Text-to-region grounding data
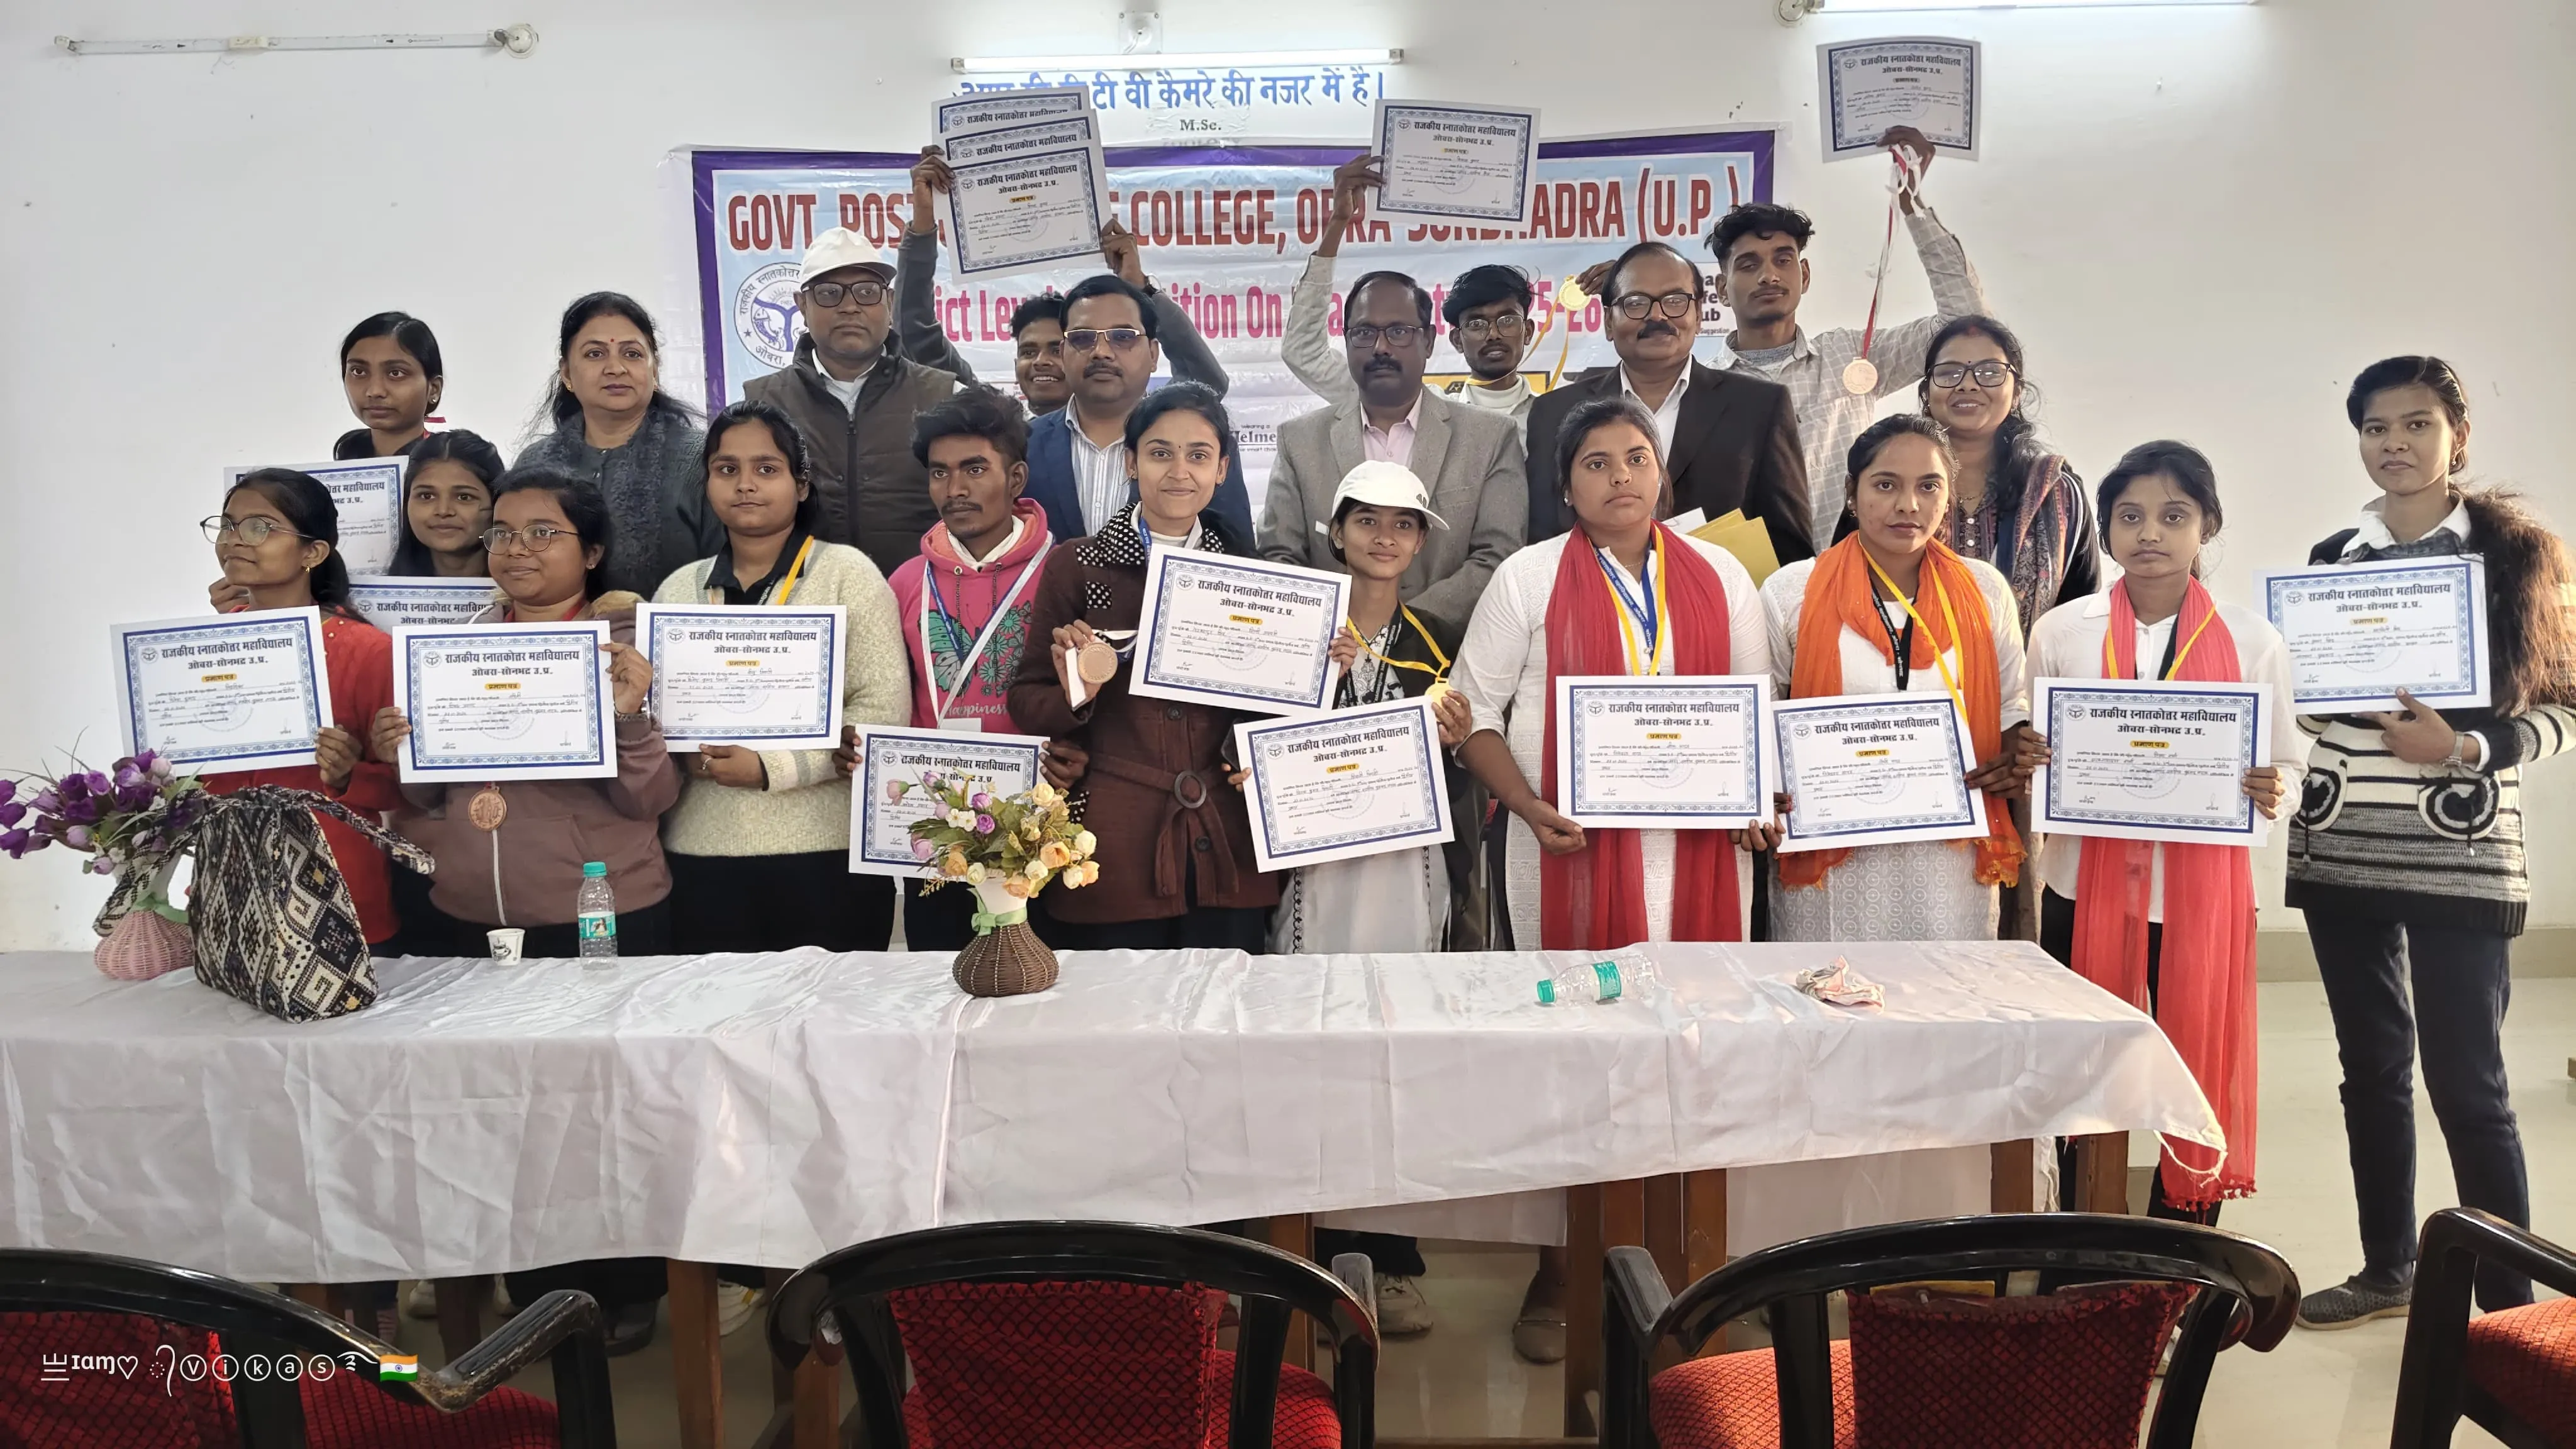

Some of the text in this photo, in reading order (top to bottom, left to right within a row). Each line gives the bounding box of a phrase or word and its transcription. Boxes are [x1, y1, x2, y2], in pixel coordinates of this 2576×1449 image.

[1092, 70, 1118, 109] टी
[1125, 70, 1153, 109] वी
[1156, 69, 1216, 109] कैमरे
[1222, 69, 1255, 106] की
[1260, 75, 1315, 105] नजर
[1321, 65, 1345, 103] में
[967, 112, 992, 124] राजकीय
[1180, 119, 1221, 131] M.Sc.
[977, 143, 1002, 156] राजकीय
[729, 193, 816, 251] GOVT
[839, 193, 915, 250] POS
[1130, 188, 1287, 253] COLLEGE,
[1638, 166, 1738, 243] (U.P)
[740, 283, 757, 315] राजकीय
[1246, 286, 1282, 338] On
[1234, 431, 1276, 443] elme
[1197, 579, 1230, 594] राजकीय
[1275, 588, 1323, 608] महाविद्यालय
[2308, 589, 2345, 602] राजकीय
[2396, 582, 2451, 596] महाविद्यालय
[377, 601, 408, 612] राजकीय
[689, 630, 723, 641] राजकीय
[769, 630, 817, 641] महाविद्यालय
[161, 644, 194, 659] राजकीय
[243, 637, 293, 652] महाविद्यालय
[445, 651, 479, 664] राजकीय
[528, 648, 580, 662] महाविद्यालय
[1609, 702, 1643, 713] राजकीय
[1690, 701, 1740, 713] महाविद्यालय
[2089, 706, 2127, 719] राजकीय
[2180, 708, 2237, 723] महाविद्यालय
[1814, 721, 1848, 735] राजकीय
[1894, 716, 1940, 730] महाविद्यालय
[1287, 738, 1319, 753] राजकीय
[1363, 726, 1410, 743] महाविद्यालय
[975, 759, 1021, 772] महाविद्यालय
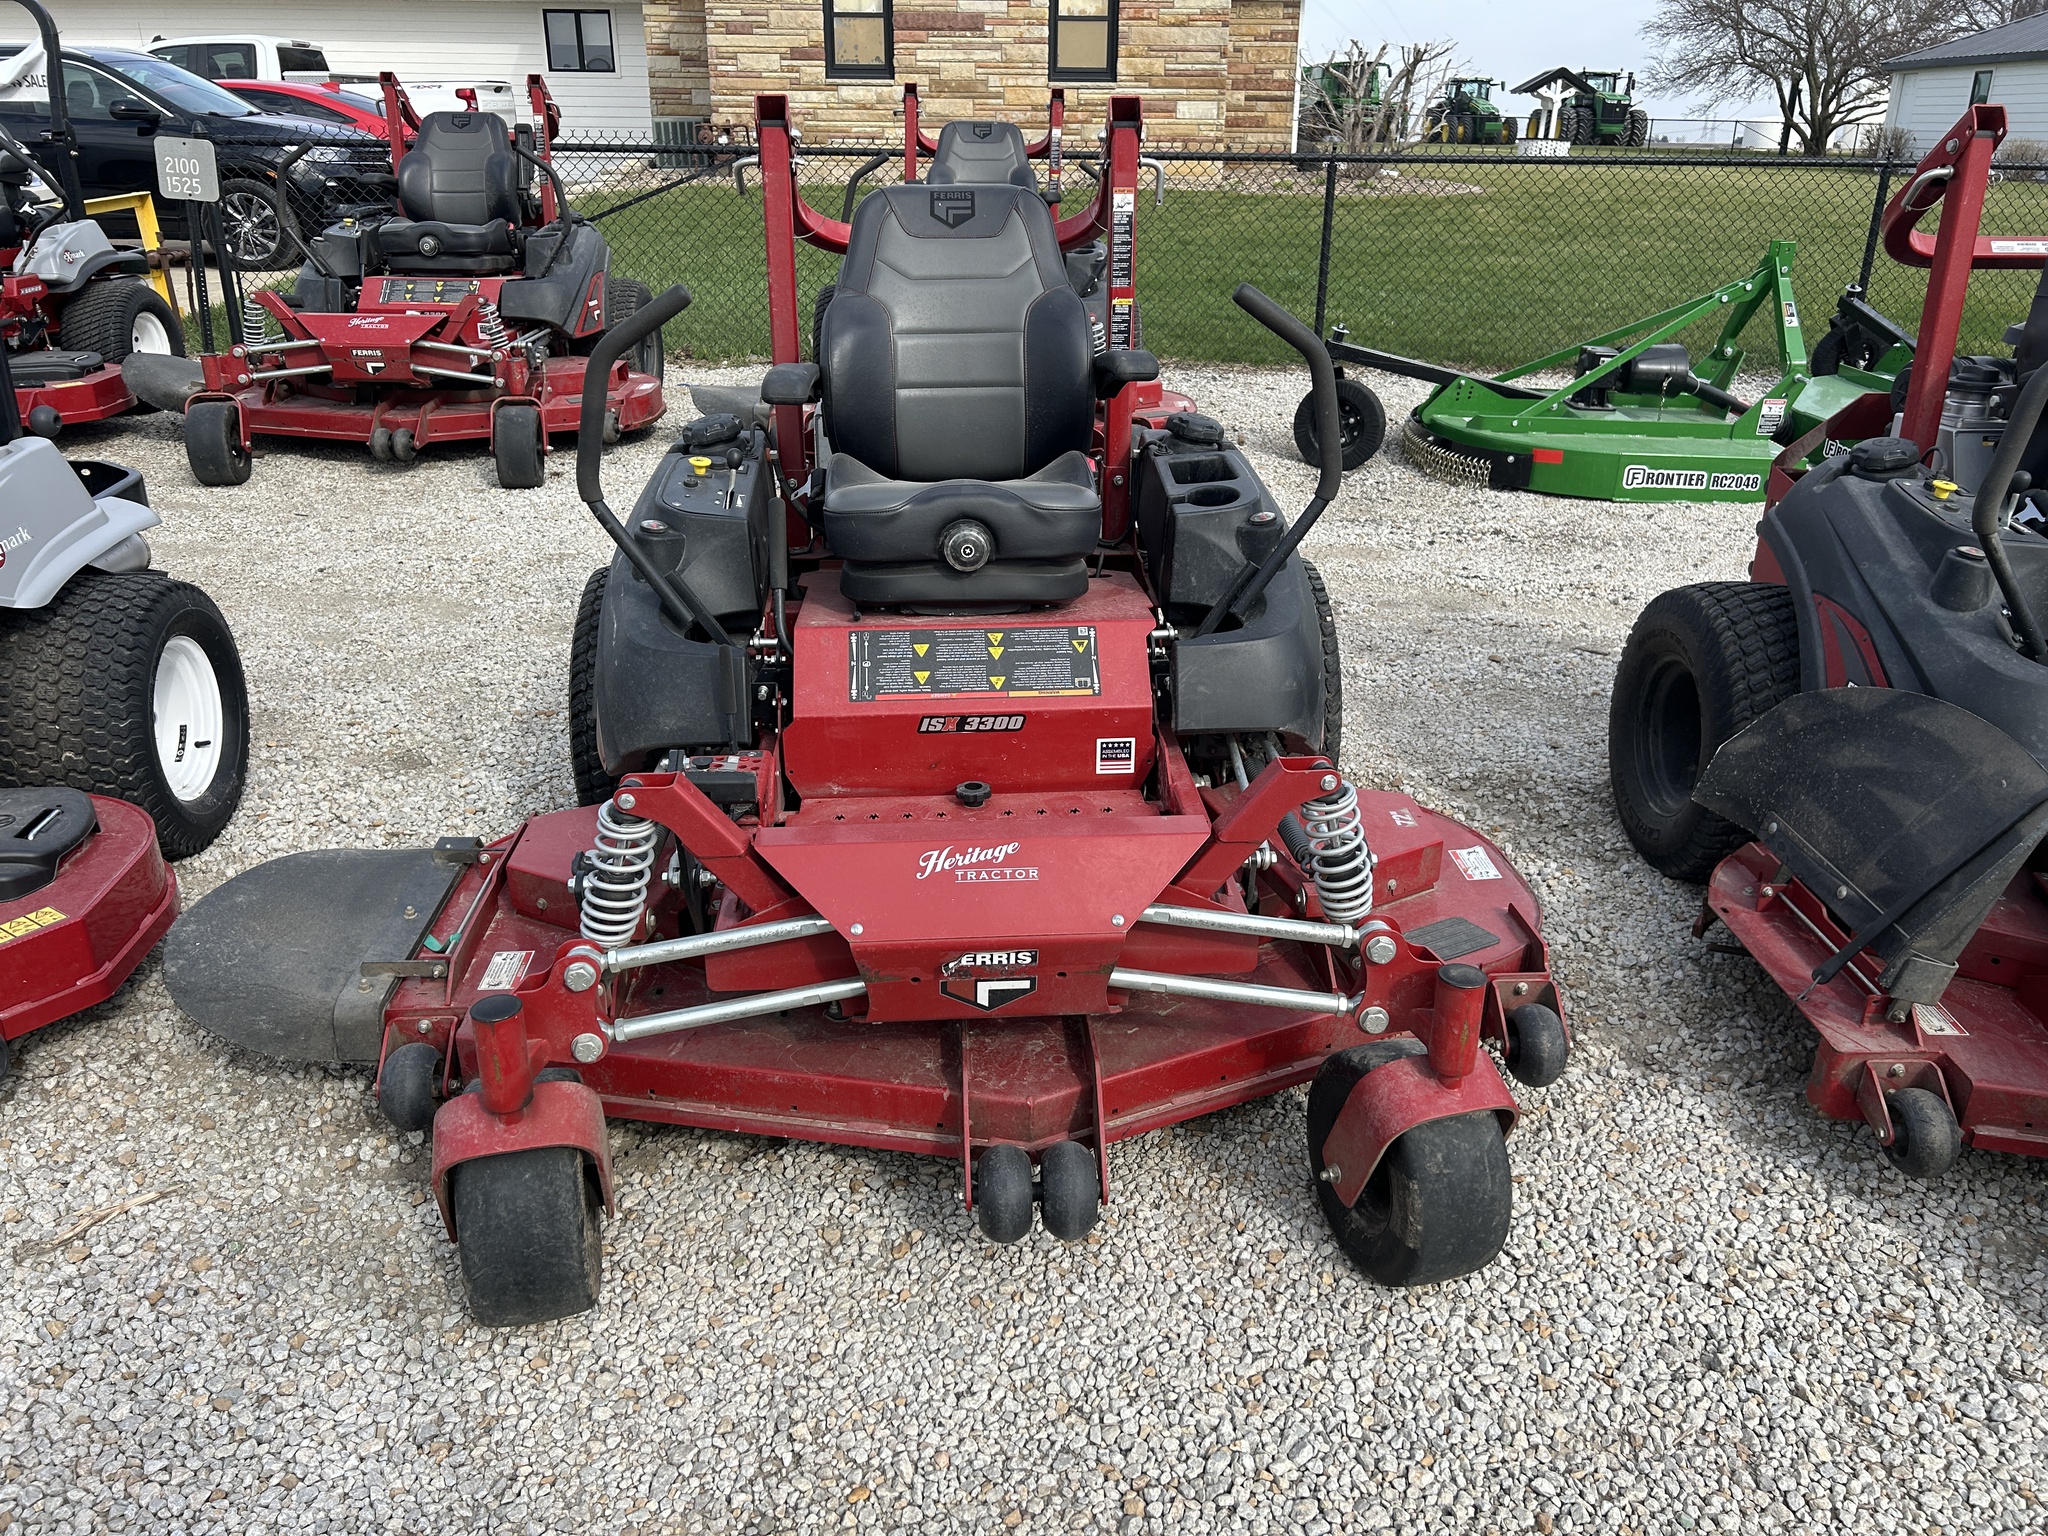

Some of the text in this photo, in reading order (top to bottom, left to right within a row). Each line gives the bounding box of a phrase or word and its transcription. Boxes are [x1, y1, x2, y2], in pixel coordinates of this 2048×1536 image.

[22, 74, 47, 88] SALE
[164, 156, 200, 175] 2100
[166, 176, 202, 195] 1525
[933, 191, 972, 200] FERRIS
[347, 316, 385, 328] Heritage
[351, 349, 382, 357] FERRIS
[1626, 467, 1760, 489] FRONTIER RC2048
[920, 715, 1025, 732] ISX 3300
[916, 841, 1021, 880] Heritage
[955, 869, 1038, 881] TRACTOR
[948, 952, 1032, 968] ERRIS

- EXERCISE DESCRIPTION
The expected response is every entry above, repeated exactly, pictures removed.

- ANSWER BOX
Some of the text in this photo, in reading order (top to bottom, left to right within a row). Each line gives the bounding box of a phrase or word and its transcription. Boxes are [x1, y1, x2, y2], in pixel coordinates of this 2576×1449 image.

[1092, 70, 1118, 109] टी
[1125, 70, 1153, 109] वी
[1156, 69, 1216, 109] कैमरे
[1222, 69, 1255, 106] की
[1260, 75, 1315, 105] नजर
[1321, 65, 1345, 103] में
[967, 112, 992, 124] राजकीय
[1180, 119, 1221, 131] M.Sc.
[977, 143, 1002, 156] राजकीय
[729, 193, 816, 251] GOVT
[839, 193, 915, 250] POS
[1130, 188, 1287, 253] COLLEGE,
[1638, 166, 1738, 243] (U.P)
[740, 283, 757, 315] राजकीय
[1246, 286, 1282, 338] On
[1234, 431, 1276, 443] elme
[1197, 579, 1230, 594] राजकीय
[1275, 588, 1323, 608] महाविद्यालय
[2308, 589, 2345, 602] राजकीय
[2396, 582, 2451, 596] महाविद्यालय
[377, 601, 408, 612] राजकीय
[689, 630, 723, 641] राजकीय
[769, 630, 817, 641] महाविद्यालय
[161, 644, 194, 659] राजकीय
[243, 637, 293, 652] महाविद्यालय
[445, 651, 479, 664] राजकीय
[528, 648, 580, 662] महाविद्यालय
[1609, 702, 1643, 713] राजकीय
[1690, 701, 1740, 713] महाविद्यालय
[2089, 706, 2127, 719] राजकीय
[2180, 708, 2237, 723] महाविद्यालय
[1814, 721, 1848, 735] राजकीय
[1894, 716, 1940, 730] महाविद्यालय
[1287, 738, 1319, 753] राजकीय
[1363, 726, 1410, 743] महाविद्यालय
[975, 759, 1021, 772] महाविद्यालय

Some of the text in this photo, in reading order (top to bottom, left to right within a row). Each line gives the bounding box of a phrase or word and its transcription. Boxes are [x1, y1, x2, y2], in pixel coordinates of this 2048×1536 image.

[22, 74, 47, 88] SALE
[164, 156, 200, 175] 2100
[166, 176, 202, 195] 1525
[933, 191, 972, 200] FERRIS
[347, 316, 385, 328] Heritage
[351, 349, 382, 357] FERRIS
[1626, 467, 1760, 489] FRONTIER RC2048
[920, 715, 1025, 732] ISX 3300
[916, 841, 1021, 880] Heritage
[955, 869, 1038, 881] TRACTOR
[948, 952, 1032, 968] ERRIS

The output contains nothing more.